The parents of a baby girl who suffered permanent brain damage when she was accidentally administered laughing gas at a Sydney hospital say she is experiencing constant seizures and must be fed through a tube.
Baby Amelia Khan was inadvertently given nitrous oxide instead of oxygen shortly after she was born at Bankstown-Lidcombe Hospital in Sydney’s southwest on June 20.
Her parents, Benish and Danial Khan, said Amelia was a much anticipated first child and they were devastated the incident had left her with irreversible brain damage.
“We remain full of hope for Amelia’s future but we worry for her and want to do everything we can to make sure she has the best life she possibly can,” they said in a statement.
A month after Amelia was born, a second baby born at the same hospital was also given nitrous oxide and later died.
Mr and Mrs Khan have expressed their sympathy to the parents of the baby boy, who was named John Ghanem.
“We can only imagine the intense pain this family is going through and our hearts go out to them,” they said.
The law firm Maurice Blackburn is representing the Khan family in a potential claim for compensation from Bankstown-Lidcombe Hospital.
“We are in the very early stages of investigating that claim,” said medical negligence lawyer Libby Brookes.
“We will work to get the best possible outcome for Amelia to ensure she gets what she needs so that she is given every chance to reach her potential.”
Mr and Mrs Khan said they wanted to prevent the same tragedy happening to other families.
“We just want everyone to know what happened to Amelia won’t ever go away. She will always have to live with the consequences of what was done to her at the hospital,” Mr and Mrs Khan said.

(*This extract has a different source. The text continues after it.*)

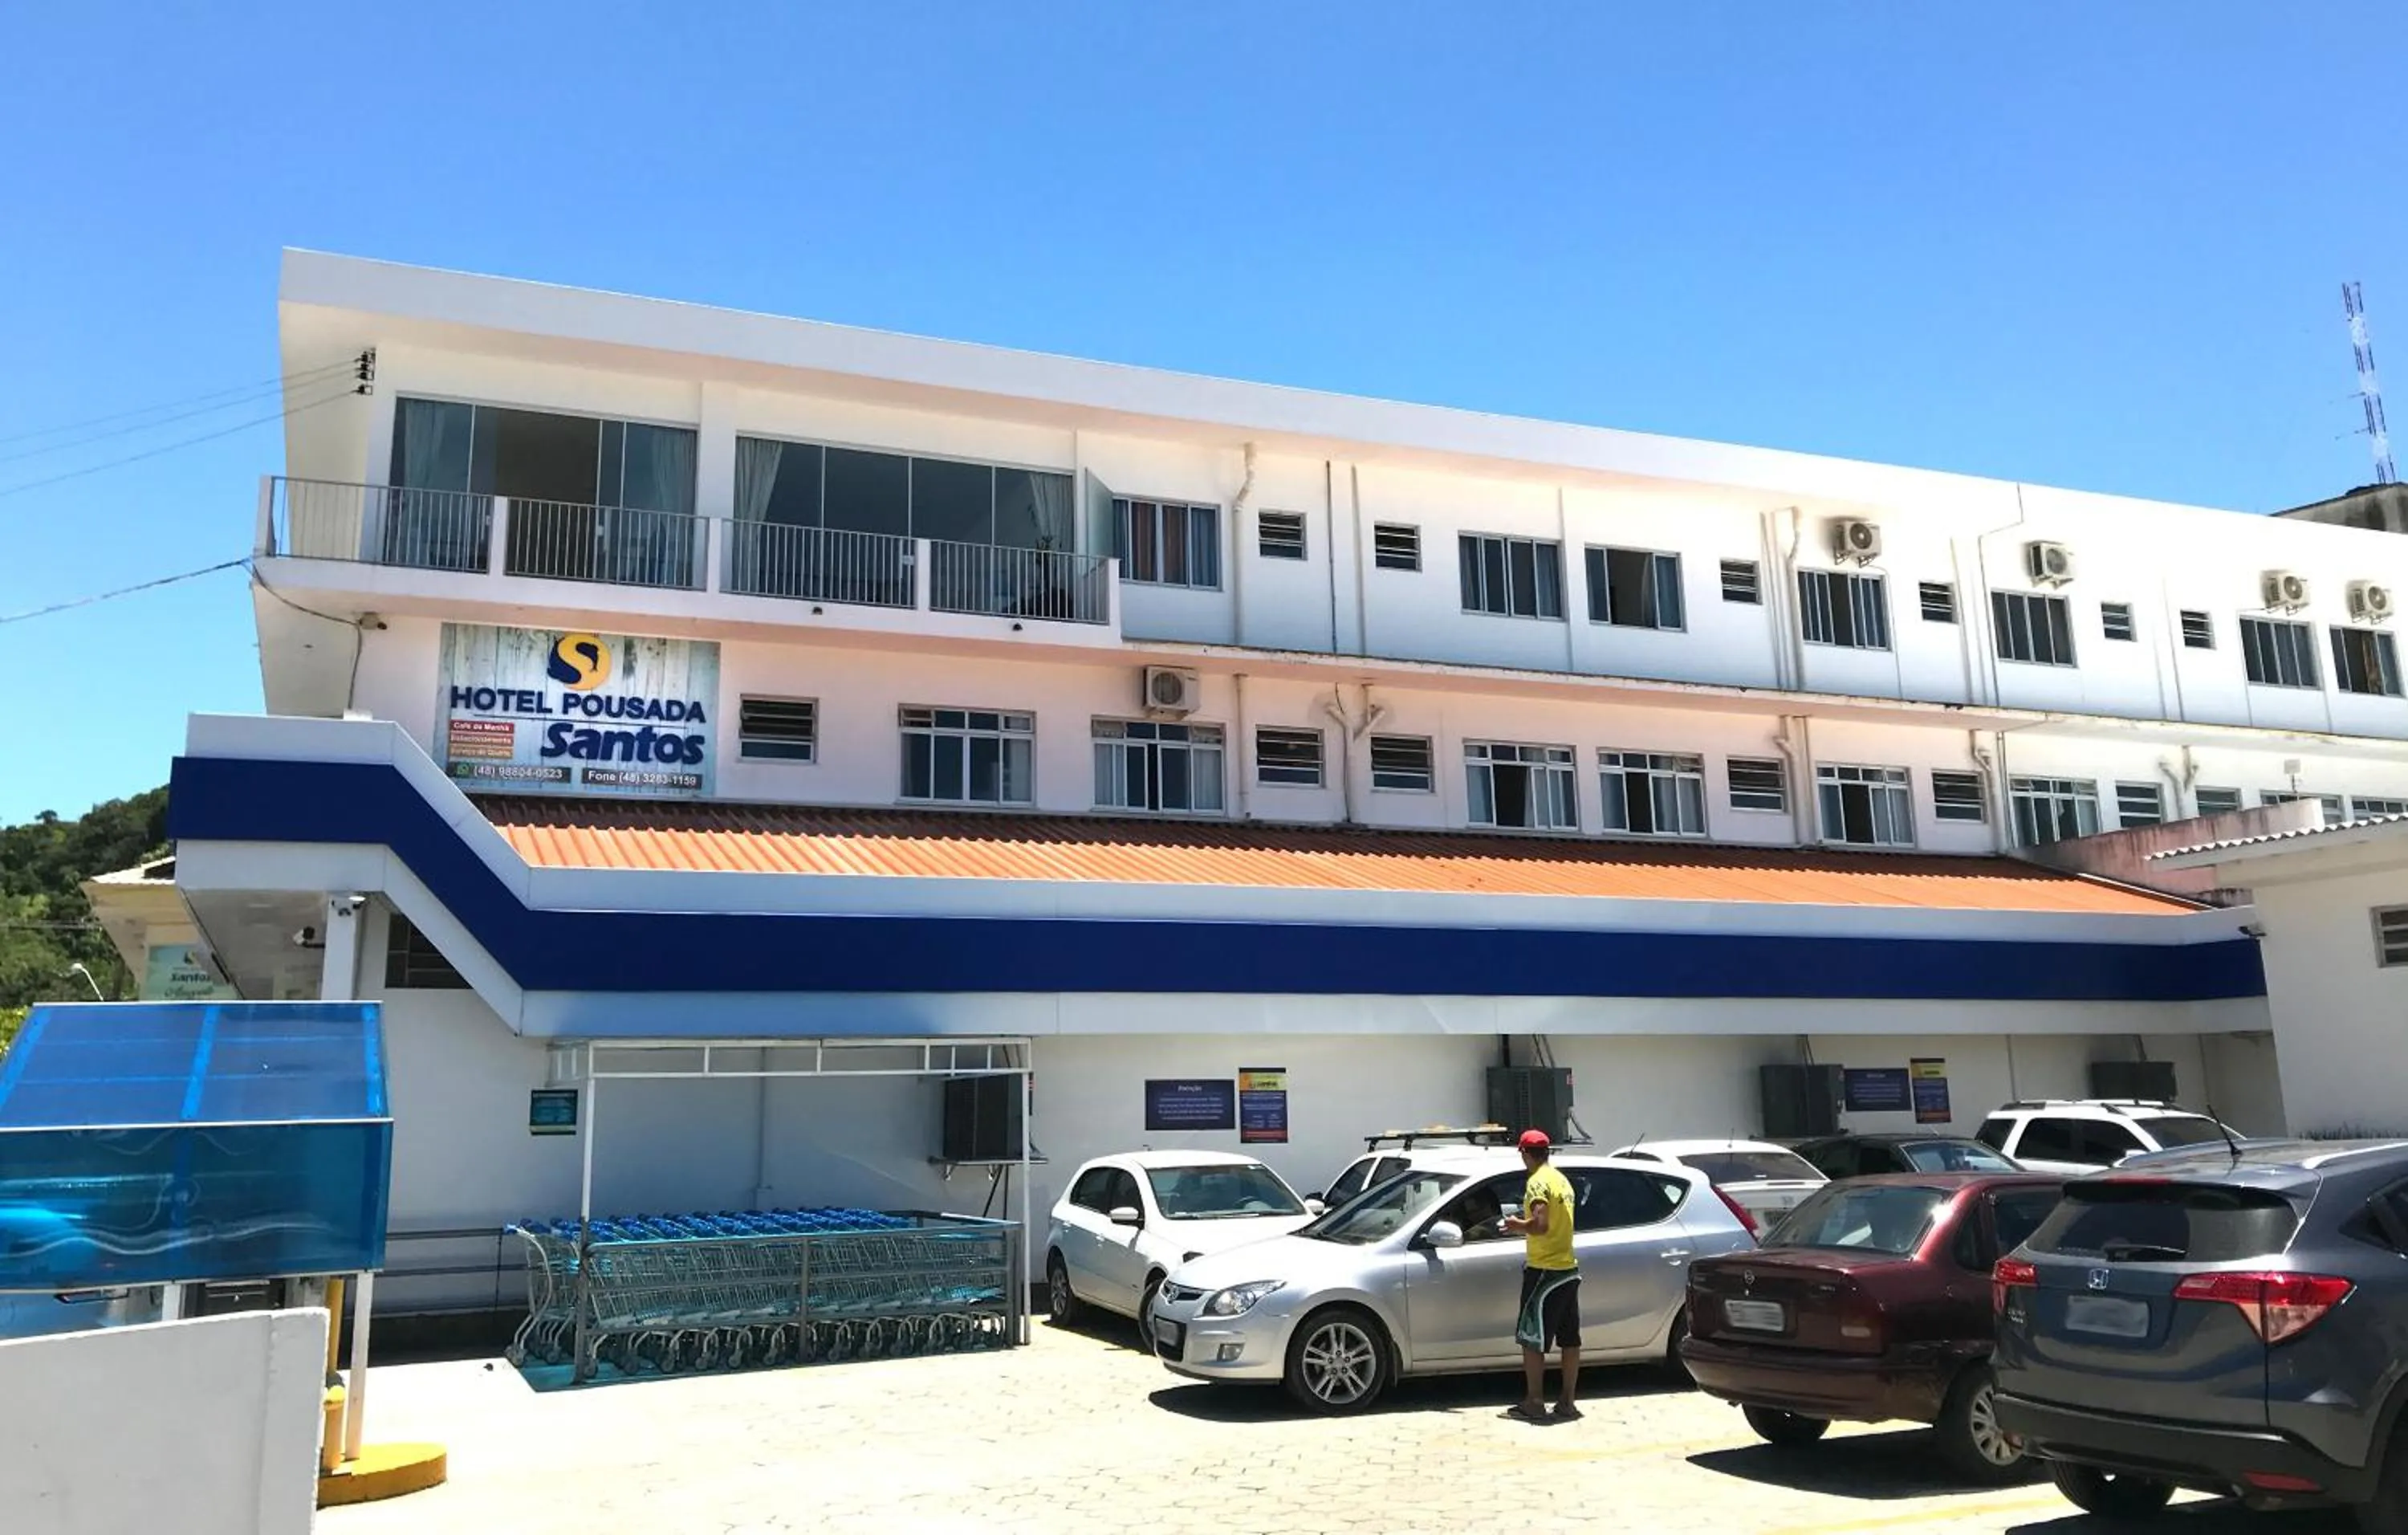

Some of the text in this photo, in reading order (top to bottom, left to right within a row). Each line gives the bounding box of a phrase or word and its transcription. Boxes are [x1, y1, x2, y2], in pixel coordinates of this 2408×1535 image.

“But we will always be by her side and we’ll do everything we can to give her the best possible future.”
A report into the fatal mix-up by New South Wales Health found the incidents were the result of incorrect installation of gas pipelines, governance failures and flawed testing.
Not the first case of a gas mix-up
The Bankstown Hospital incident is not the first example of hospitals crossing gas lines.
In May this year an eight-year-old boy died and an 18-month-old boy was critically injured in India after nitrous oxide and oxygen lines in an operating theatre were swapped by a local contractor.
In Italy in 2010 doctors published a journal article in which they detailed eight cases of elderly patients who died from nitrous oxide poisoning.
The cardiac patients died after oxygen lines were crossed in an intensive care unit in a public hospital.
In that case the lines were from an Italian supplier.
Between 2000 and 2002 there were 78 unexplained deaths of premature babies who were treated with ventilators at the Empangeni Hospital in South Africa.
There were initially concerns it was the result of a mix-up with oxygen gas bottles.
A total of 155 babies were reported at the time to have been exposed to nitrous oxide as a result of faulty pipe connections.
The problem was indentified when a pediatric staff member at the hospital noticed babies were not responding as they should to enriched air.
The Government later said it could not confirm the primary cause of death in 74 cases, and gas lines in the hospital were confirmed to be safe.
In Hong Kong in 1989 restaurant critic Shirley Boyde died after receiving nitrogen from an oxygen bottle marked “oxygen” at the Canossa Hospital.
Three pregnant women reportedly also received carbon dioxide from a bottle marked “nitrous oxide” at the Caritas Medical Centre.